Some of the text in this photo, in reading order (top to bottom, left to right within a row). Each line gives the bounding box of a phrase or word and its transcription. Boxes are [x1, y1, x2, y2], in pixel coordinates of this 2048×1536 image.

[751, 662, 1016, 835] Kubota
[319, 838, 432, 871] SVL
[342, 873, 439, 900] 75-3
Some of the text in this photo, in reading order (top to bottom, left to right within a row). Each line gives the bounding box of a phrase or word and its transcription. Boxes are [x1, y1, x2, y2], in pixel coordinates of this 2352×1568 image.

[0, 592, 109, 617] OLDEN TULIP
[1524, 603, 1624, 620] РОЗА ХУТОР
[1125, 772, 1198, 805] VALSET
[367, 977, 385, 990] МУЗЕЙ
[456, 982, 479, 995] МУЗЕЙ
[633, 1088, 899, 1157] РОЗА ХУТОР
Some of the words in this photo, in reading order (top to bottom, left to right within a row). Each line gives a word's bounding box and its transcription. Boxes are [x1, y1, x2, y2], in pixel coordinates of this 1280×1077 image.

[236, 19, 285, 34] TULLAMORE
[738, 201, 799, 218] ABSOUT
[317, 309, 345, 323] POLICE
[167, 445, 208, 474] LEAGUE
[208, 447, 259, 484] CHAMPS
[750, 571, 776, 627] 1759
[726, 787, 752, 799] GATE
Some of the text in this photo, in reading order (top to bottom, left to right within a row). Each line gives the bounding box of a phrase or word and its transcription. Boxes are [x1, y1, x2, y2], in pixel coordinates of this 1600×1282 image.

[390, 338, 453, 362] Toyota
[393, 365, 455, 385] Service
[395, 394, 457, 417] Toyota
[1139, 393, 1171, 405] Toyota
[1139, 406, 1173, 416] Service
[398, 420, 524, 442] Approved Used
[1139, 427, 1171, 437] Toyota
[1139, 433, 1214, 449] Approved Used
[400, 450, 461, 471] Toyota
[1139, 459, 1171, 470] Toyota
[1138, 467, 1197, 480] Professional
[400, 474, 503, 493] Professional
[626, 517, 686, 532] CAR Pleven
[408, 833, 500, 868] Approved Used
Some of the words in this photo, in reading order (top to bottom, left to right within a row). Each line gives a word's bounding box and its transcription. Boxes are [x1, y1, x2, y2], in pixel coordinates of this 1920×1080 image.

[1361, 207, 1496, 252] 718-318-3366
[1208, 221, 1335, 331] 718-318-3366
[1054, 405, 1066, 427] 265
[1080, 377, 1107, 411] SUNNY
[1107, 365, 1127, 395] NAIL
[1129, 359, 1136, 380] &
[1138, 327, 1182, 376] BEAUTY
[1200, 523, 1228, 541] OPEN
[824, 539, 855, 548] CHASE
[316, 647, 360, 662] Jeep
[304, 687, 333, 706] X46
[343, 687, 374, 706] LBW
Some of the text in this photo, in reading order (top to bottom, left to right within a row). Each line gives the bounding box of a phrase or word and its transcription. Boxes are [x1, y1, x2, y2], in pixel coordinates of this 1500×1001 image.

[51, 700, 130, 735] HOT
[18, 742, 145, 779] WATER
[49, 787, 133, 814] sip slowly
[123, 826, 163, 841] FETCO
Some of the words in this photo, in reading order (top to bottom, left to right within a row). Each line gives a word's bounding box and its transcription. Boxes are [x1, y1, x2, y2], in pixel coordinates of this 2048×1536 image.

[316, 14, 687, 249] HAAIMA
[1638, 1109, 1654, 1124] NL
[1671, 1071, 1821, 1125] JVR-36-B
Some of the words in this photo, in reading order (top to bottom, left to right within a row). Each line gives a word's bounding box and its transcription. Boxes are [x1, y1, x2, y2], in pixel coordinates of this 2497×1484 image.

===============

** AIM OF THE TASK **
Transcription of all the material must be exact.

** EXERCISE RESULT **
Some of the text in this photo, in reading order (top to bottom, left to right within a row). Each line gives the bounding box of a phrase or word and its transcription. Boxes are [x1, y1, x2, y2], in pixel coordinates of this 2048×1536 image.

[751, 662, 1016, 835] Kubota
[319, 838, 432, 871] SVL
[342, 873, 439, 900] 75-3
Some of the text in this photo, in reading order (top to bottom, left to right within a row). Each line gives the bounding box of a phrase or word and its transcription. Boxes are [x1, y1, x2, y2], in pixel coordinates of this 2352×1568 image.

[0, 592, 109, 617] OLDEN TULIP
[1524, 603, 1624, 620] РОЗА ХУТОР
[1125, 772, 1198, 805] VALSET
[367, 977, 385, 990] МУЗЕЙ
[456, 982, 479, 995] МУЗЕЙ
[633, 1088, 899, 1157] РОЗА ХУТОР
Some of the words in this photo, in reading order (top to bottom, left to right within a row). Each line gives a word's bounding box and its transcription. Boxes are [x1, y1, x2, y2], in pixel coordinates of this 1280×1077 image.

[236, 19, 285, 34] TULLAMORE
[738, 201, 799, 218] ABSOUT
[317, 309, 345, 323] POLICE
[167, 445, 208, 474] LEAGUE
[208, 447, 259, 484] CHAMPS
[750, 571, 776, 627] 1759
[726, 787, 752, 799] GATE
Some of the text in this photo, in reading order (top to bottom, left to right within a row). Each line gives the bounding box of a phrase or word and its transcription. Boxes are [x1, y1, x2, y2], in pixel coordinates of this 1600×1282 image.

[390, 338, 453, 362] Toyota
[393, 365, 455, 385] Service
[395, 394, 457, 417] Toyota
[1139, 393, 1171, 405] Toyota
[1139, 406, 1173, 416] Service
[398, 420, 524, 442] Approved Used
[1139, 427, 1171, 437] Toyota
[1139, 433, 1214, 449] Approved Used
[400, 450, 461, 471] Toyota
[1139, 459, 1171, 470] Toyota
[1138, 467, 1197, 480] Professional
[400, 474, 503, 493] Professional
[626, 517, 686, 532] CAR Pleven
[408, 833, 500, 868] Approved Used
Some of the words in this photo, in reading order (top to bottom, left to right within a row). Each line gives a word's bounding box and its transcription. Boxes are [x1, y1, x2, y2], in pixel coordinates of this 1920×1080 image.

[1361, 207, 1496, 252] 718-318-3366
[1208, 221, 1335, 331] 718-318-3366
[1054, 405, 1066, 427] 265
[1080, 377, 1107, 411] SUNNY
[1107, 365, 1127, 395] NAIL
[1129, 359, 1136, 380] &
[1138, 327, 1182, 376] BEAUTY
[1200, 523, 1228, 541] OPEN
[824, 539, 855, 548] CHASE
[316, 647, 360, 662] Jeep
[304, 687, 333, 706] X46
[343, 687, 374, 706] LBW
Some of the text in this photo, in reading order (top to bottom, left to right within a row). Each line gives the bounding box of a phrase or word and its transcription. Boxes are [x1, y1, x2, y2], in pixel coordinates of this 1500×1001 image.

[51, 700, 130, 735] HOT
[18, 742, 145, 779] WATER
[49, 787, 133, 814] sip slowly
[123, 826, 163, 841] FETCO
Some of the words in this photo, in reading order (top to bottom, left to right within a row). Each line gives a word's bounding box and its transcription. Boxes are [x1, y1, x2, y2], in pixel coordinates of this 2048×1536 image.

[316, 14, 687, 249] HAAIMA
[1638, 1109, 1654, 1124] NL
[1671, 1071, 1821, 1125] JVR-36-B
Some of the words in this photo, in reading order (top to bottom, left to right within a row). Each line gives a word's bounding box and its transcription. Boxes are [x1, y1, x2, y2], in pixel coordinates of this 2497×1484 image.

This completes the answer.